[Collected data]
::::::
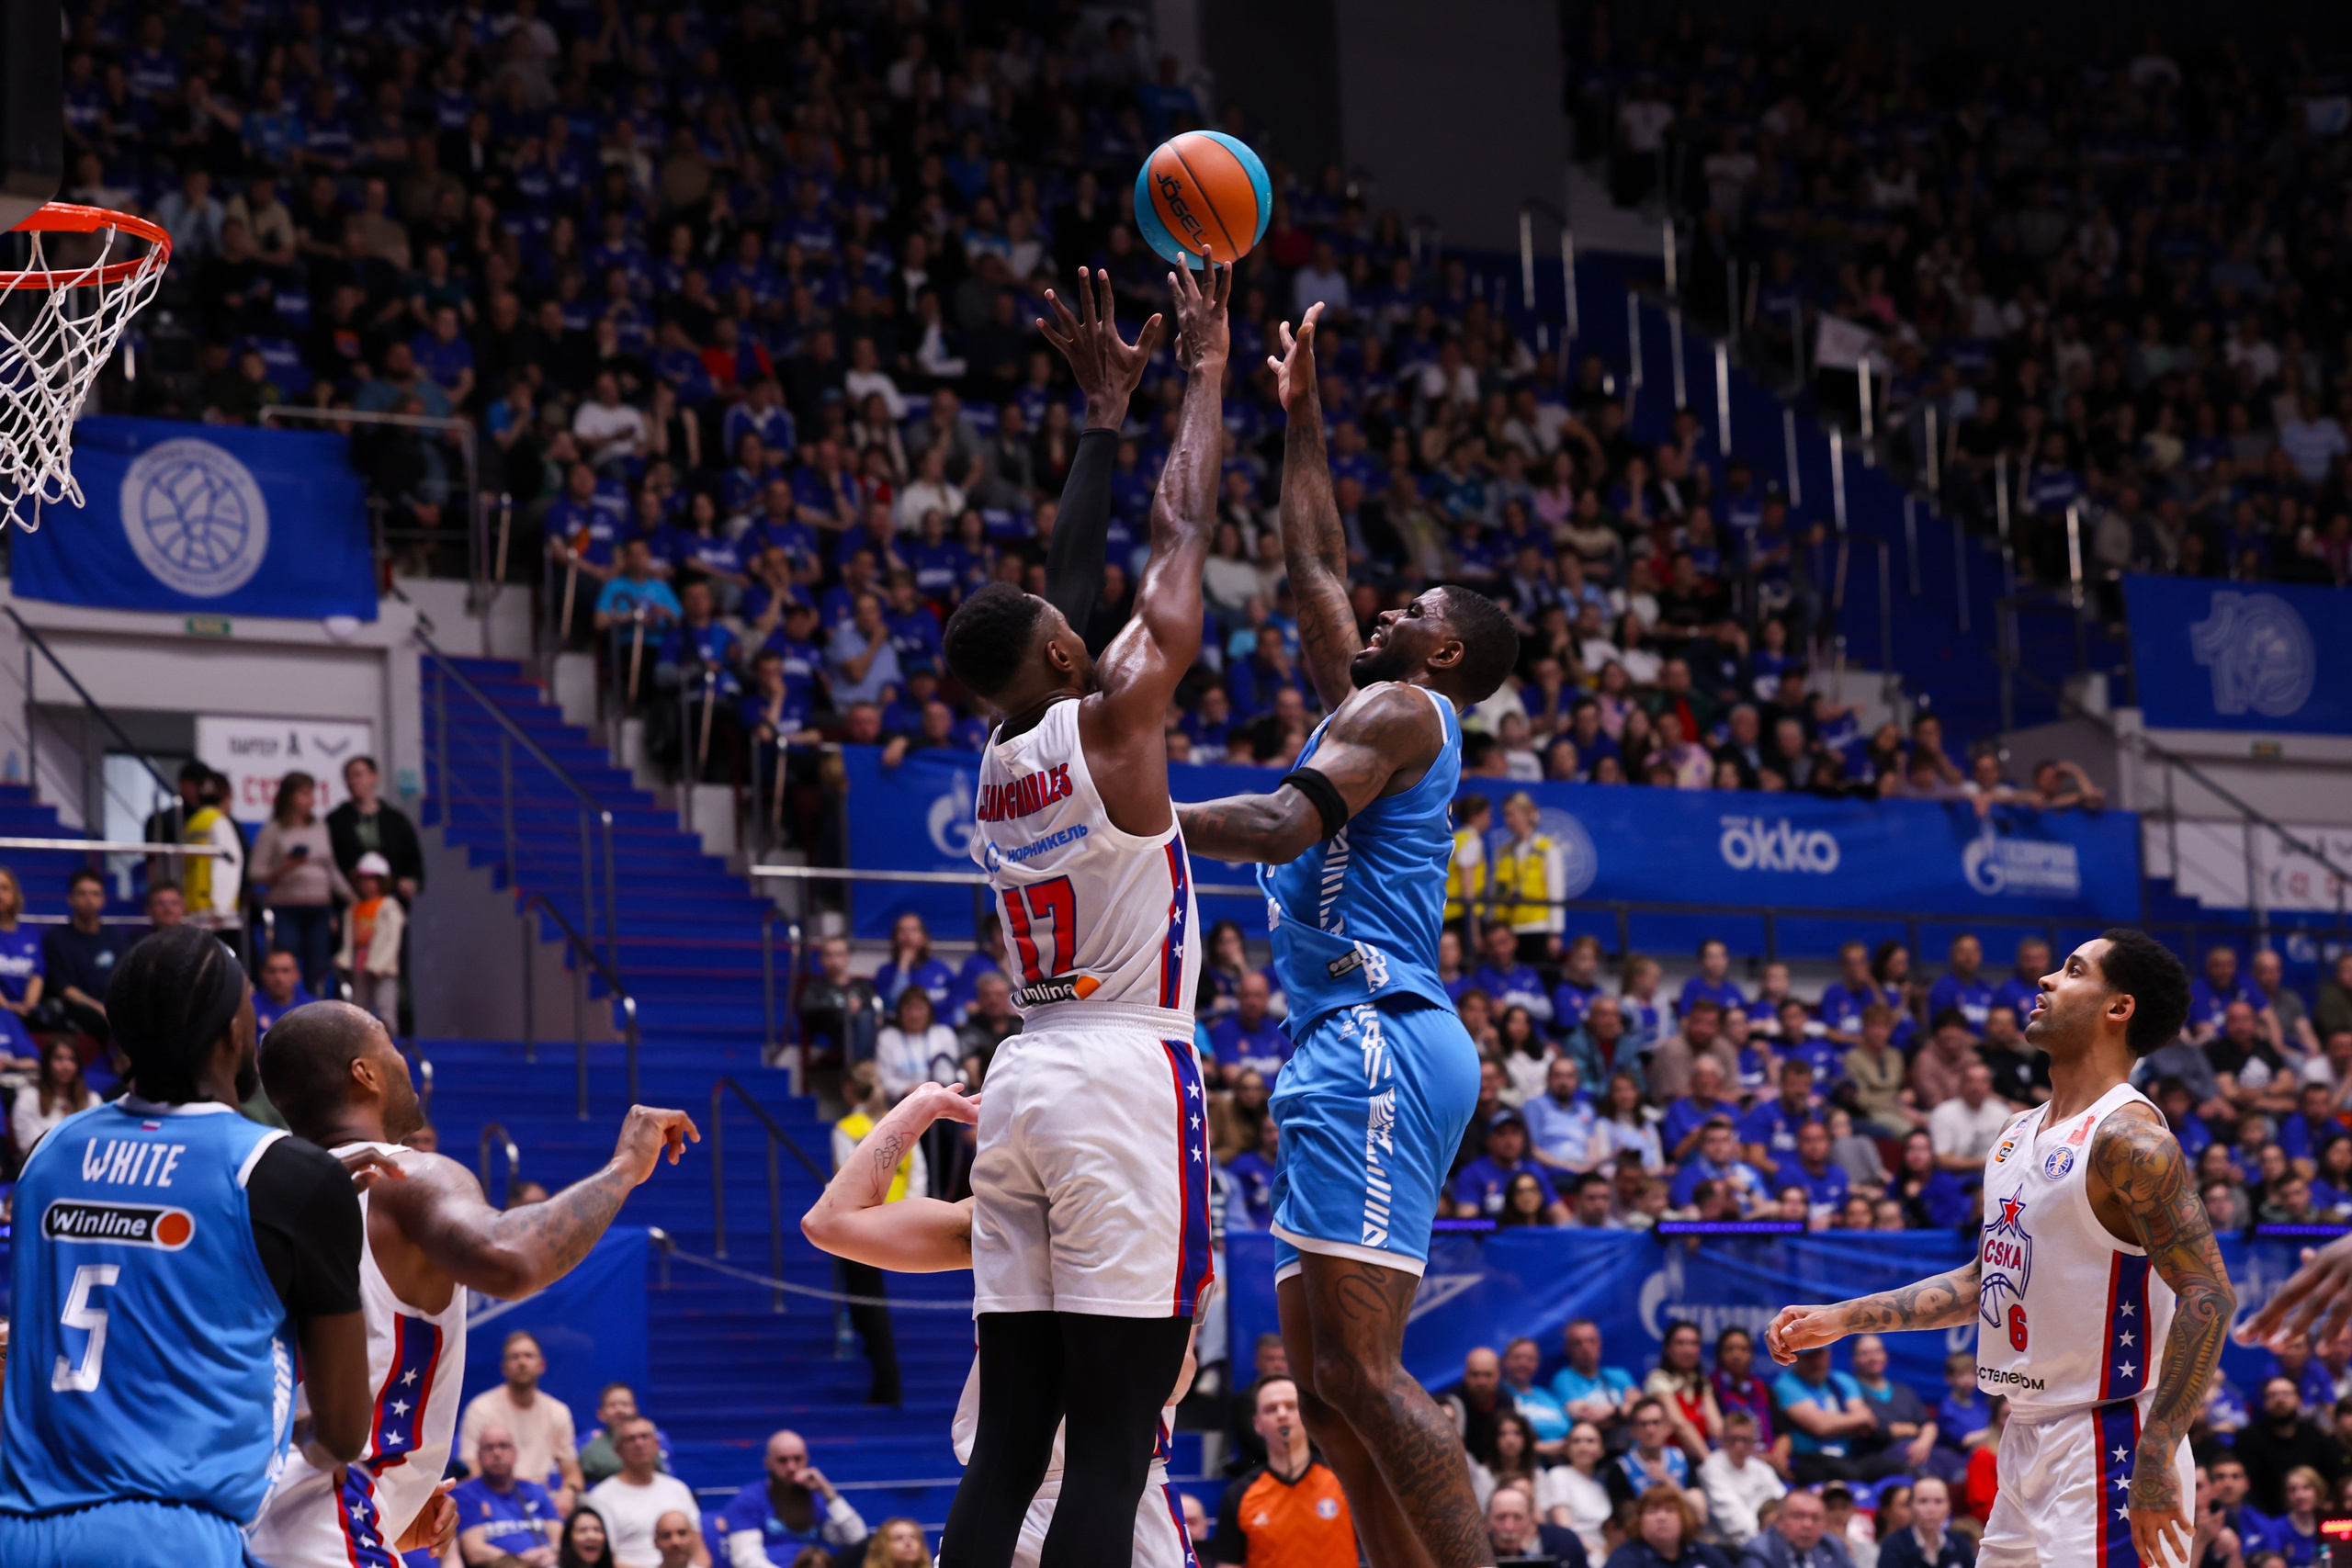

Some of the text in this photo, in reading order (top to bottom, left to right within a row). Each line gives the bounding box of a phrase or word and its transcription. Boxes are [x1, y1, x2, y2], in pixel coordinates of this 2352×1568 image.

[1155, 171, 1207, 248] JÖGEL
[1007, 823, 1089, 863] НОРНИКЕЛЬ
[1001, 874, 1077, 982] 17
[82, 1137, 187, 1188] WHITE
[52, 1208, 148, 1237] Winline
[1984, 1238, 2022, 1271] CSKA
[51, 1264, 120, 1392] 5
[2008, 1303, 2029, 1353] 6
[1976, 1365, 2045, 1391] стелеом
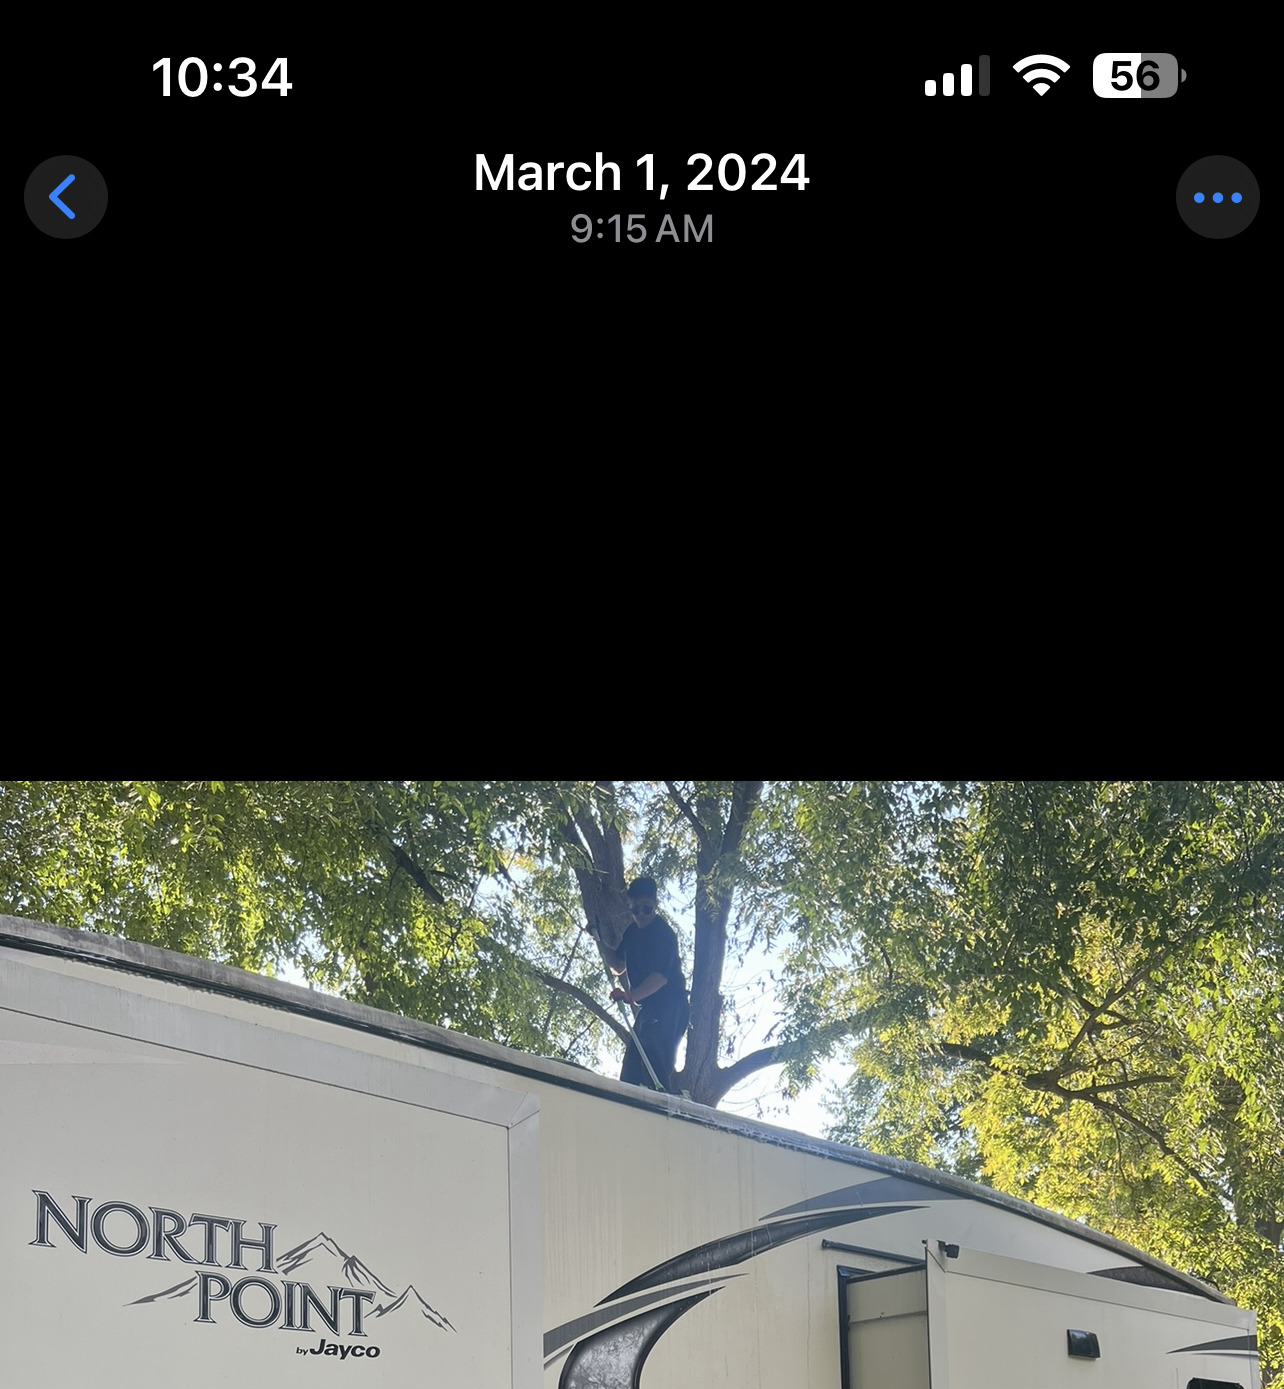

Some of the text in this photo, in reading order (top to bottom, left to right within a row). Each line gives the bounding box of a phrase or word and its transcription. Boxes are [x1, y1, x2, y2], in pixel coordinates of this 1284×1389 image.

[28, 1189, 278, 1275] NORTH
[193, 1270, 377, 1338] POINT
[296, 1338, 381, 1361] by Jayco
::::::
Only the records, copied exactly and free of pictures, belong in the answer.

Some of the text in this photo, in reading order (top to bottom, left to right within a row). Each line gives the bounding box of a phrase or word and its transcription. Boxes are [x1, y1, x2, y2], in pixel coordinates of this 2352×1568 image.

[1155, 171, 1207, 248] JÖGEL
[1007, 823, 1089, 863] НОРНИКЕЛЬ
[1001, 874, 1077, 982] 17
[82, 1137, 187, 1188] WHITE
[52, 1208, 148, 1237] Winline
[1984, 1238, 2022, 1271] CSKA
[51, 1264, 120, 1392] 5
[2008, 1303, 2029, 1353] 6
[1976, 1365, 2045, 1391] стелеом

Some of the text in this photo, in reading order (top to bottom, left to right within a row). Each line gives the bounding box of a phrase or word and its transcription. Boxes are [x1, y1, x2, y2], in pixel coordinates of this 1284×1389 image.

[28, 1189, 278, 1275] NORTH
[193, 1270, 377, 1338] POINT
[296, 1338, 381, 1361] by Jayco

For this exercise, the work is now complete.